What it's like to fly over LA, London, Tokyo and Seoul

Before I moved to Los Angeles, I asked a friend who preceded me here (and who happens to do a weekly radio show interpreting the place) for tips on how best to grasp the entirety of this enormous city. His snappy answer: "You've just got to get high on L.A." Har har — but I now realize he had a point: if you want to understand any one of humanity's vast modern metropolises, you must look at them from above.

Videos like these provide you that opportunity without even asking you to visit the cities in question, let alone step onto a helicopter about to fly over them. The Los Angeles aerial video at the top cuts between several different parts of town at several different times of day, so at least some of it will satisfy those who've adopted as there own the folkloric-sounding observation, variously credited, that Los Angeles is the most beautiful city in the world, provided you see it not just at a distance but at night.

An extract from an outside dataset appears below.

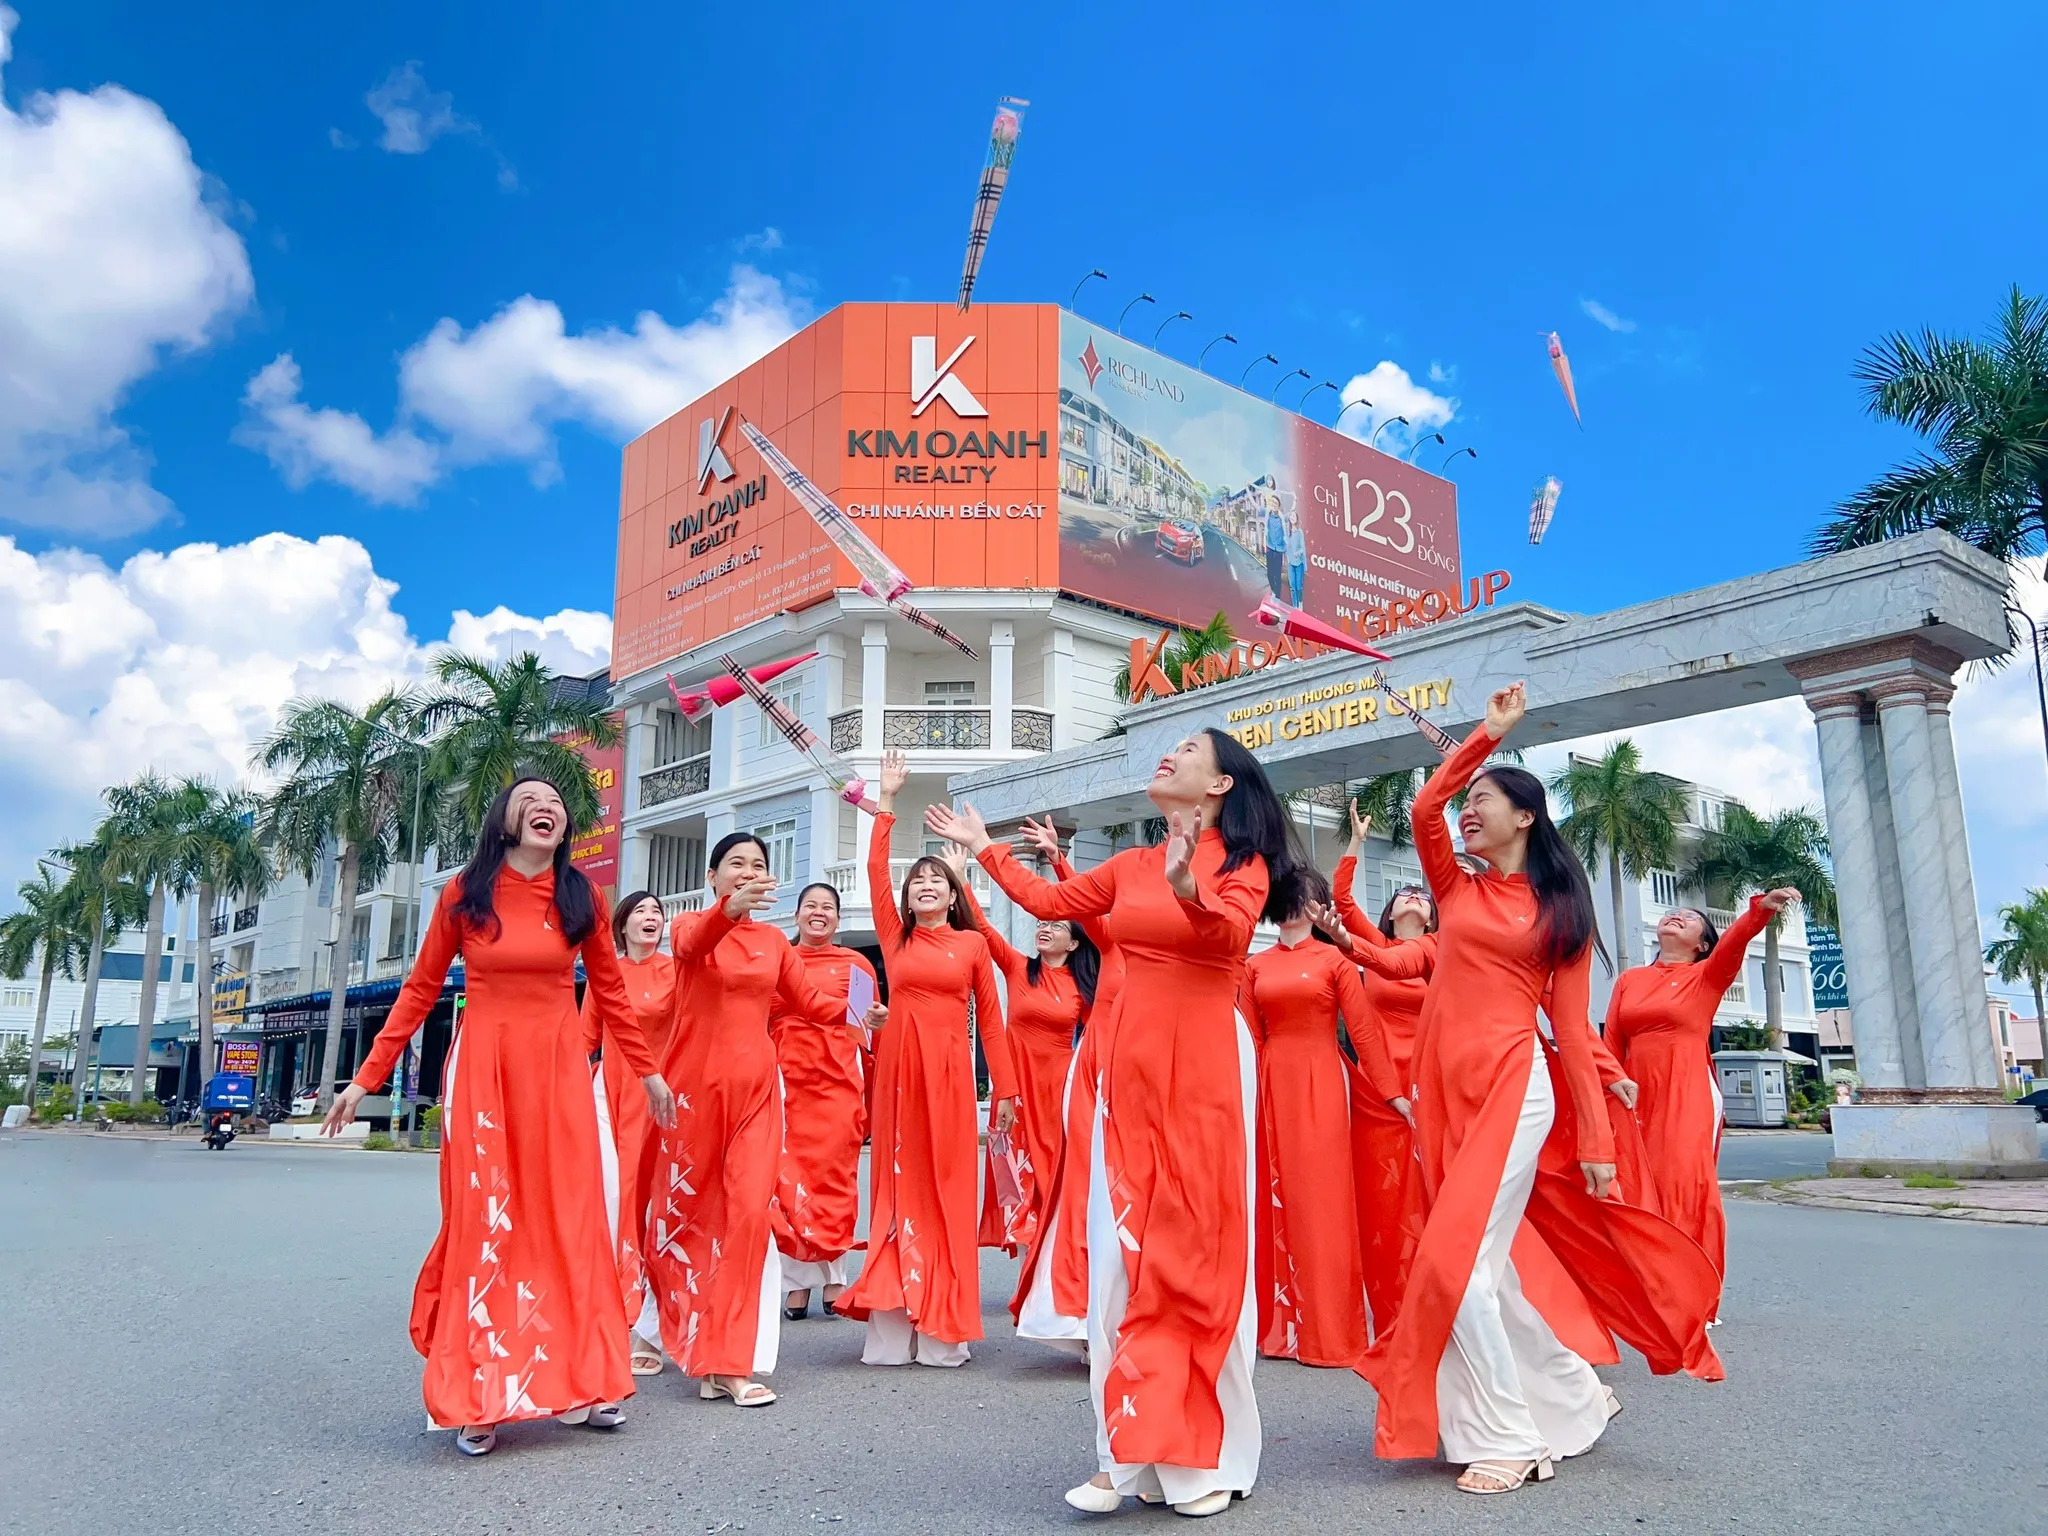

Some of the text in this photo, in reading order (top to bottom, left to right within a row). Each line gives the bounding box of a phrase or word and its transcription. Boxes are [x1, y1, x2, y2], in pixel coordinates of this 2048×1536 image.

For a high-altitude look at a more traditionally attractive metropolis, have a look at the aerial video of London. When a man is tired of looking at London from above, as Dr. Johnson might have said (had helicopters and motion pictures appeared in his lifetime), he is tired of life from above, put perhaps he can get a refresher by watching the flight over Tokyo just above.

In many ways, this aerial exploration of Seoul (actually an episode of 한늘에서 본 하반도, or The Korean Peninsula Seen from the Sky, a show aired in EBS, kind of the PBS of Korea) offers a view of a city that rolls some of the most striking large-scale features of Los Angeles, London, and Tokyo into one: a majestic river cuts through it, its stimulating built environment rises high and dense, and explosive 20th-century population growth has expanded it into an hypnotic sprawl.

Of course, all this only prepares you for the really interesting part of any of these cities: getting down there on foot and experiencing the details for yourself.